Malam tadi begitu sunyi, tak banyak orang-orang berkegiatan di luar rumah. Memang sering seperti ini, pada jam 20.00 desa sudah sunyi, dan akan bergeliat lagi pada dini hari. Ku mantapkan hati untuk sowan kepada beliau. Beruntung saat sampai di rumahnya beliau belum tidur, masih menimang-nimang persiapan kegiatan esok harinya.

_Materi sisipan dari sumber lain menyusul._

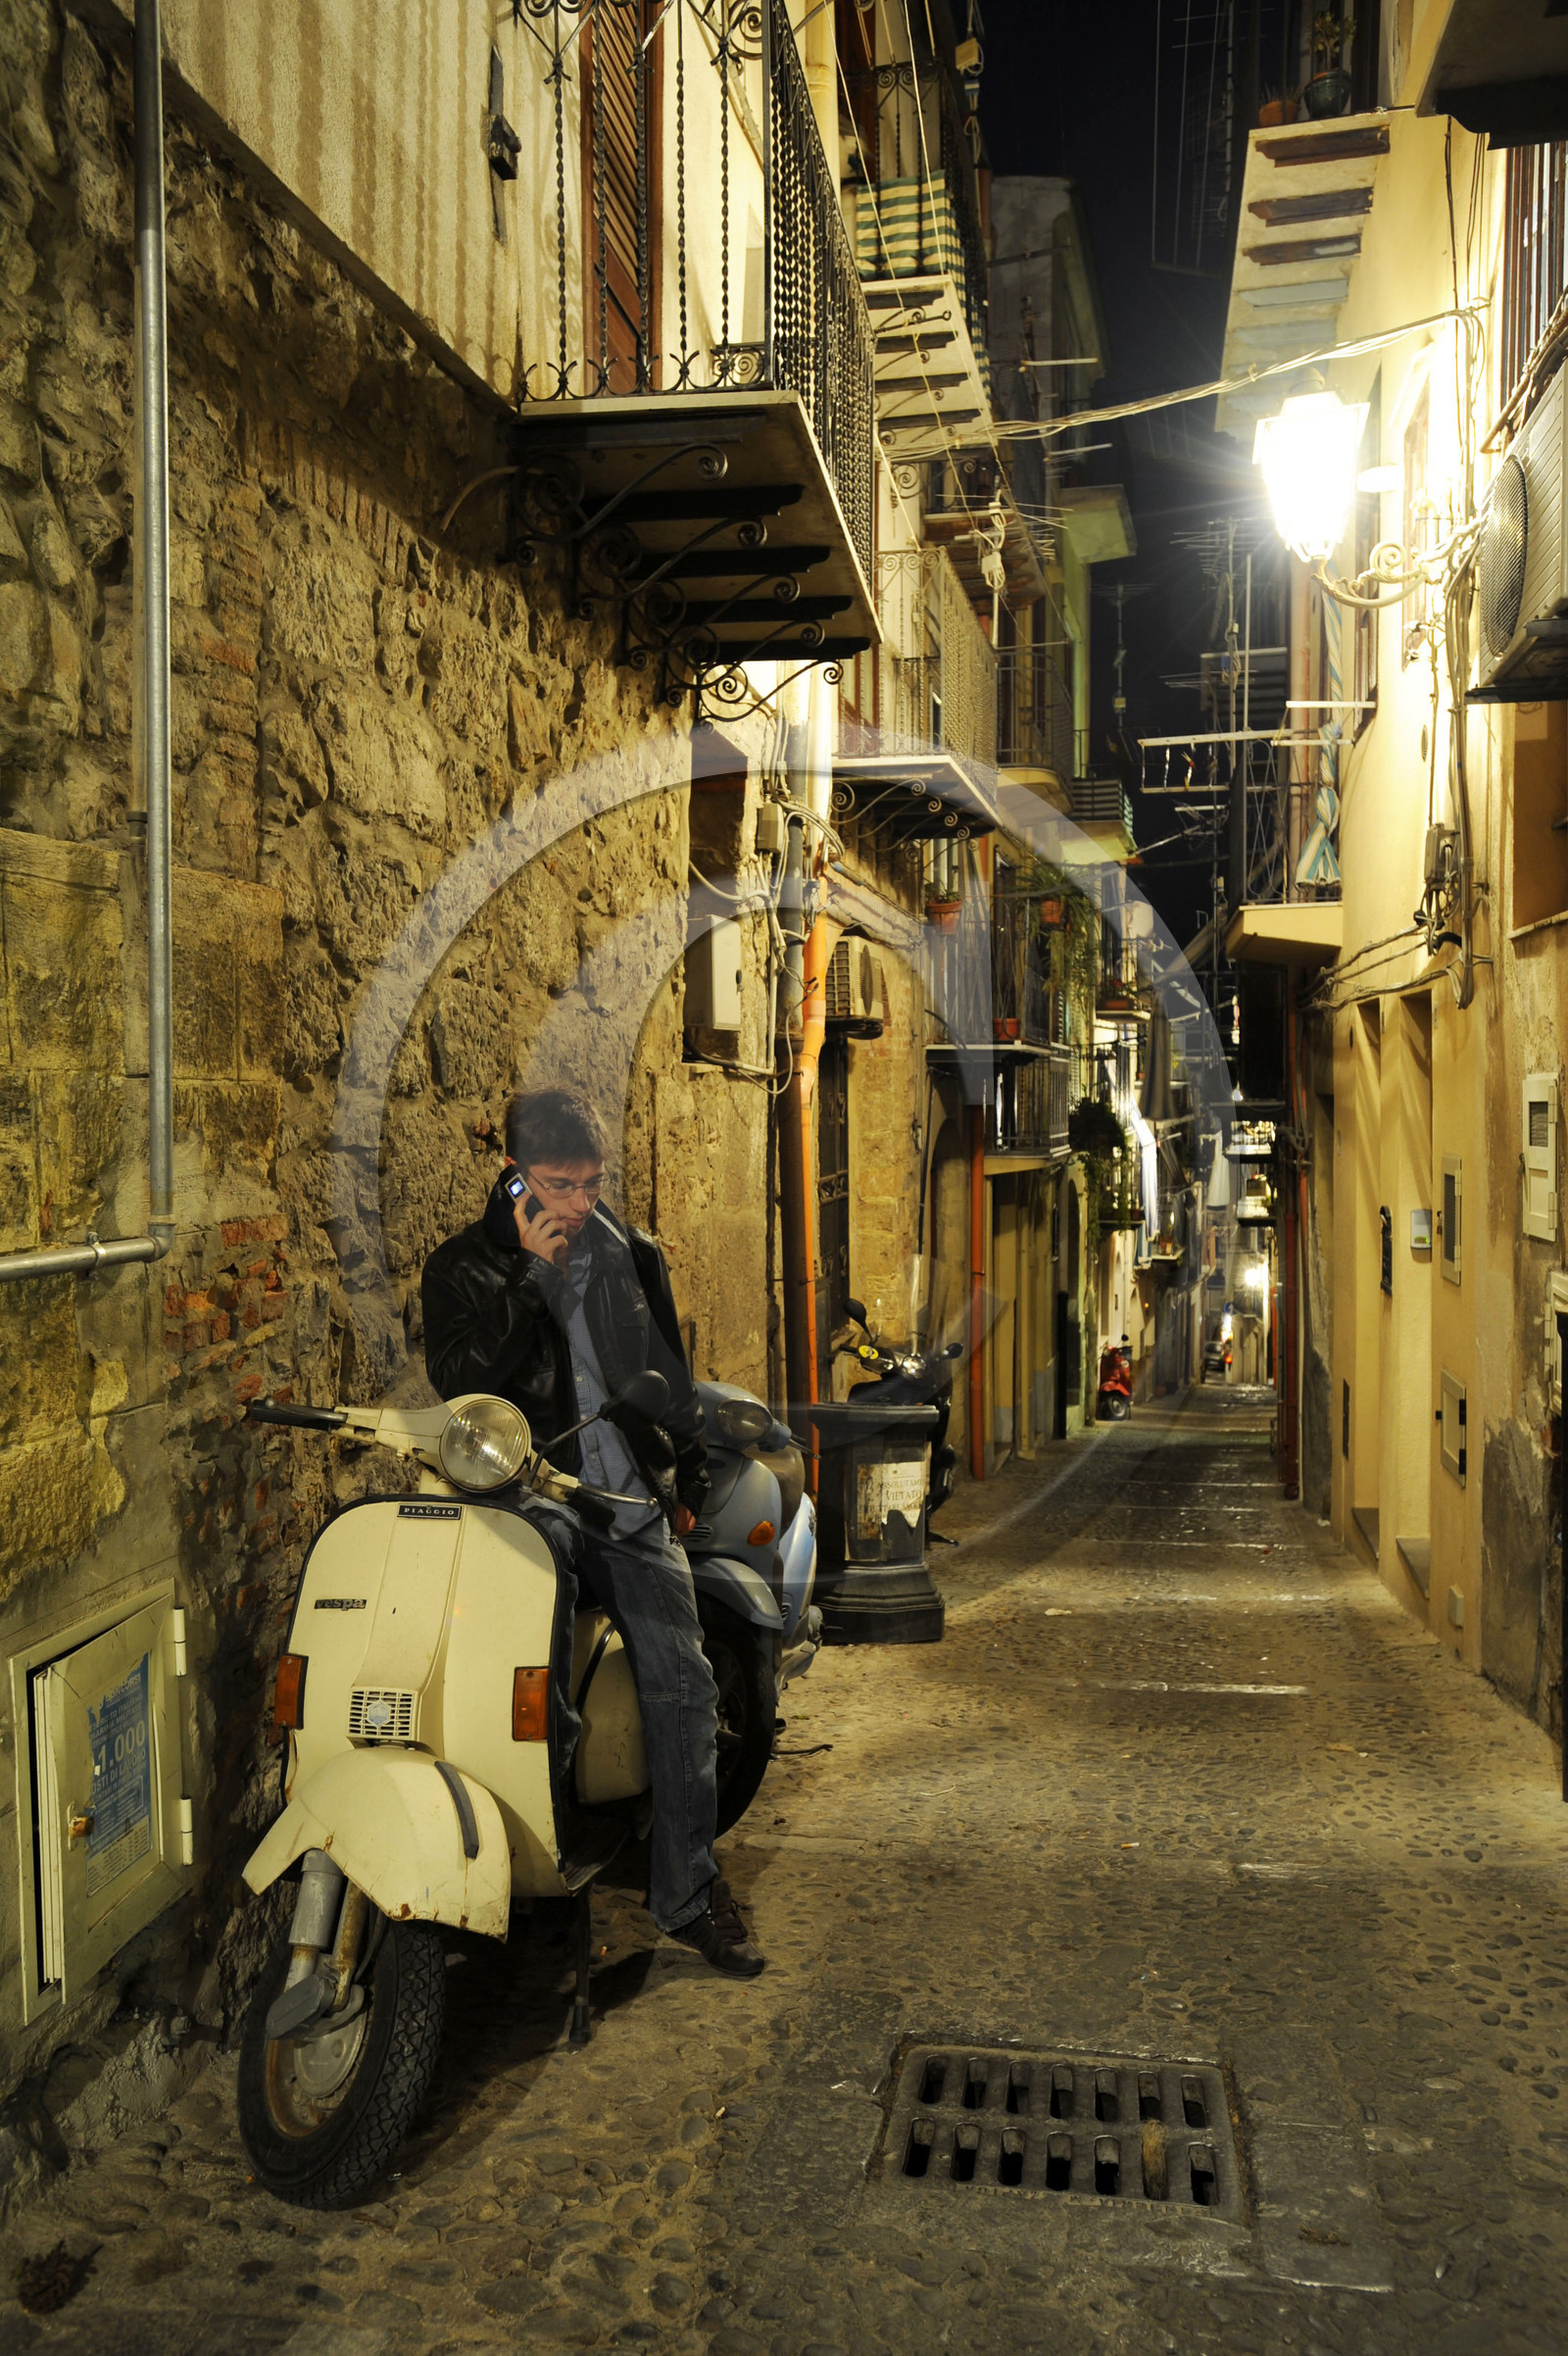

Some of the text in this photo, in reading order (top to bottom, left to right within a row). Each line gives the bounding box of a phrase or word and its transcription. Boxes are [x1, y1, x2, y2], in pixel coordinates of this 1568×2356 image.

[886, 1489, 922, 1500] VIETATO
[315, 1598, 367, 1611] vespa
[99, 1720, 145, 1773] 1.000
[92, 1773, 108, 1794] OSTI
[111, 1767, 117, 1781] DI
[120, 1747, 145, 1776] LAVORO
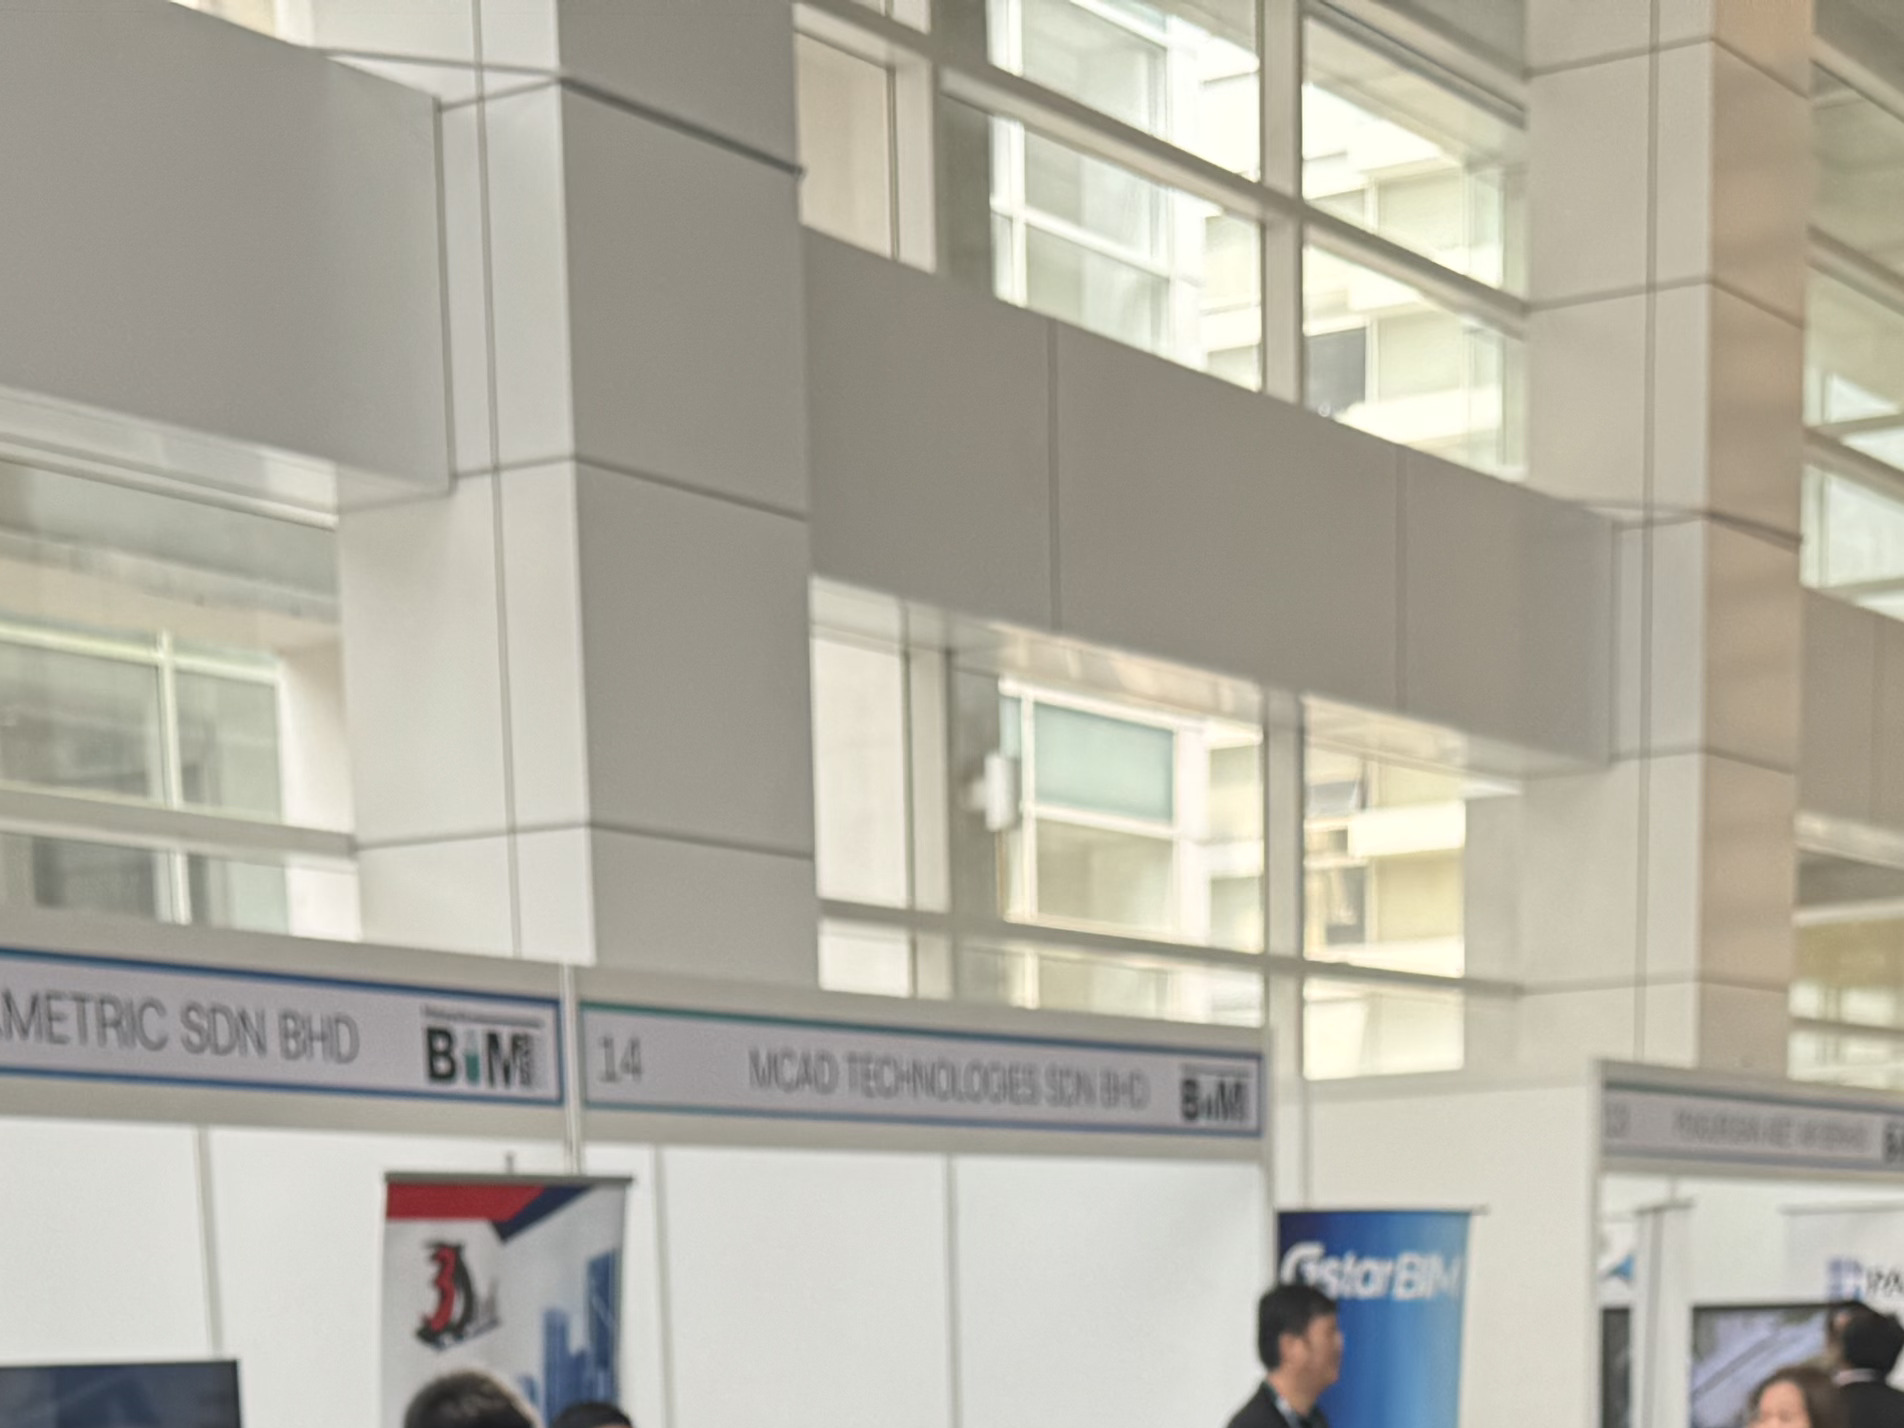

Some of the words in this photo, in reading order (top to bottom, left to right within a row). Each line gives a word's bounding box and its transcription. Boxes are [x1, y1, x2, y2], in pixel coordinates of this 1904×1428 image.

[179, 1002, 267, 1060] SDN
[278, 1010, 361, 1064] BHD
[598, 1036, 642, 1084] 14
[748, 1046, 839, 1095] MCAD
[846, 1050, 1037, 1108] TECHNOLOGIES
[1042, 1065, 1094, 1110] SDN
[1099, 1068, 1150, 1110] BHD

“kulonuwun mbah, kok dereng sare niki” ucapku memasuki pelataran rumahnya
“meh golek nopo? Kok mbengi-mbengi? Tumben?” langsung disahutnya.
“ajeng ngrusuhi,hehehe”
Singkat cerita, ku sampaikan niatan ku berkunjung ke rumah beliau malam tadi. Ada beberapa orang yang turut bergabung bersamaku bercengkrama menikmati malam ditemani beberapa camilan tentunya.
Kerjernihan air
Kali wungu, yang terletak di tengah desa kenalan, merupakan salah satu sumber air bersih yang diambil manfaatnya oleh masyarakat. Airnya sangat jernih, meskipun volume airnya tidak terlalu banyak tetapi dapat mencukupi kebutuhan masyarakat. Saking jernihnya, air tersebut bahkan bisa sebanding dengan air mineral AQUA, tutur narasumber. Diminum langsung dari toknya (mata air) juga tidak apa-apa.
Padusan
Dua tahun lalu mata air ini menjadi sumber air bersih utama yang digunakan masyarakat desa kenalan, tiap-tiap musim kemarau datang masyarakat akan antri mengambil air untuk kebutuhan pokok di rumah. Selain itu juga ketika memasuki moment-moment tertu seperti ketika akan puasa, padusan, menjelang lebaran, dll.
“lha menawi ceritane riyen kok njuk onten sumber teng mriku pripon?” selaku diantara obrolan
“wah nek cerita lengkape kurang paham” sahut mbah sri
“sek-sek” sela suaminya
“wes tau krungu cerito ne mbiyen pas ono wali neng gon dewe?”Tanyanya selanjutnya
“seng pripon nggeh?” Tanyaku menjawab pertanyaan beliau
Pangeran Diponegoro
Jadi, dulu itu ceritanya pada masa perjuangan Pangeran Diponegoro ada seorang Wali yang bertandang ke daerah Desa Kenalan. Diperkirakan wali tersebut satu masa dengan para pejuang yang saat ini dimakamkan di Bukit Gondopurowangi. Setelah selesai beliau berkunjung ke salah satu rumah warga untuk meminta air untuk minum. Dimintanya sebumbung (bumbung, tempat air yang terbuat dari bambu) untuk dia minum.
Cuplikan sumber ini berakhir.